Northamptonshire hospitals saw more than 180 operations postponed at the last minute at the end of 2021, figures show.
The 'dreadful impact' of the coronavirus pandemic can be seen through delays to thousands of planned surgeries across England, according to the Patients Association.
NHS England figures for Northampton General Hospital show that 120 pre-booked operations were postponed on or after the day the patient was admitted between October and December 2021.
Another 61 pre-booked operations were postponed at Kettering General Hospital.
NHS rules state that patients who have their operations cancelled at the last minute must be offered a new operation date within four weeks.
None of the affected patients at NGH or KGH had to wait more than 28 days for a new date, the figures show.
Across England, NHS providers cancelled 19,300 elective surgeries for non-clinical reasons over the three-month period. This equated to 1.1 percent of all activity – a similar proportion to the same quarter in 2019-20, prior to the coronavirus pandemic.
However, the percentage of patients waiting more than a month for operations to be rescheduled rose sharply from nine percent to 24 percent nationally.
That meant there were more than 4,600 breaches of the NHS standard.
Common non-clinical reasons for last-minute cancellations include a lack of hospital beds, surgeons being unavailable, emergency cases taking precedence, equipment failure and staff shortages.
Rachel Power, chief executive of the Patients Association, said the NHS needed more staff and resources to tackle the problem.
She added: "Every cancellation just adds to the backlog NHS England is trying to clear and the growing number of patients waiting for treatment.

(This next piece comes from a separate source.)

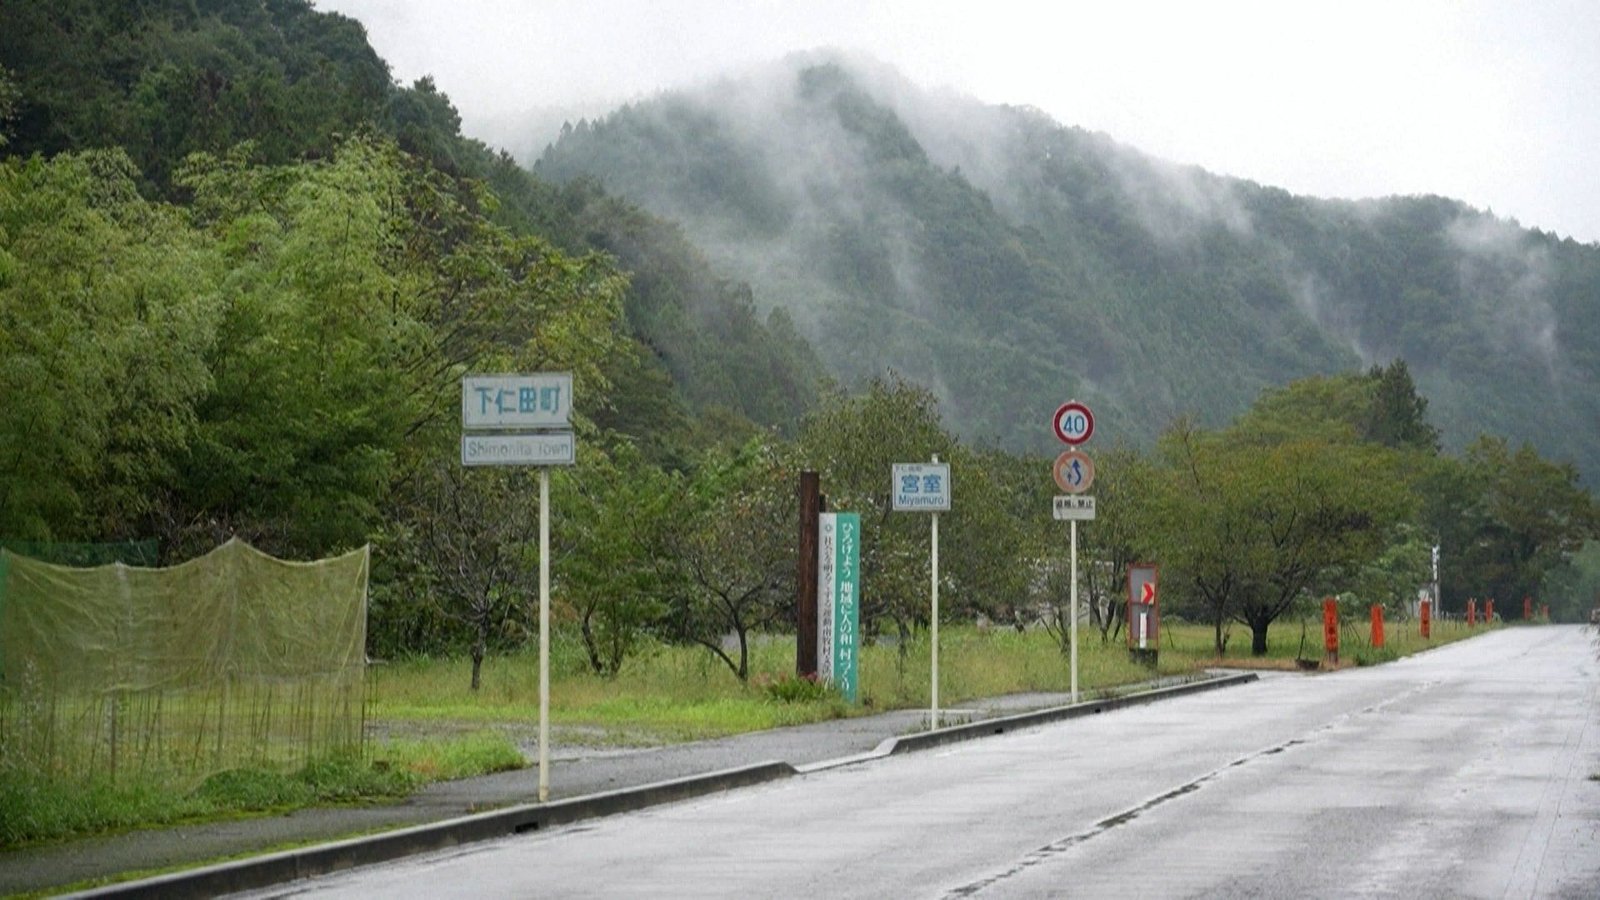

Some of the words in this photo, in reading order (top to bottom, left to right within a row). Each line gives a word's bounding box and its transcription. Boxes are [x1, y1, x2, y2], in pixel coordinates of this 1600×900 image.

"For individual patients, having long-awaited surgery cancelled at the last minute can be devastating, especially if they've no idea when they will finally be called in.
"The challenge for the NHS is managing to treat all the people currently waiting for care and treatment, while also managing patients newly seeking care."
She said it was vital that patients are supported and kept up to date with how long their wait for treatment would be.
An NHS spokeswoman said there is no doubt that the health service has faced significant pressures over winter, balancing vital patient services with the emergence of the Omicron variant of Covid-19, record high staff absences and the delivery of booster jabs.
She said: "While it was necessary to postpone some routine procedures, the latest data shows that an extra 107,000 patients started consultant-led treatment in December 2021 compared to the same period in 2020, and the recently published elective recovery plan sets out that the NHS will address backlogs and tackle long waits for care.”
A Department of Health and Social Care spokesman said the Government's plan to tackle the Covid-19 backlog and deliver long term reform would mean 99% of patients would wait less than a year for treatment by 2024.
He added: "We will deliver innovative ways of working including new surgical hubs and at least 100 community diagnostic centres to help millions of patients get the surgery they need and earlier access to tests – delivering an extra 9 million scans, checks and procedures by 2025."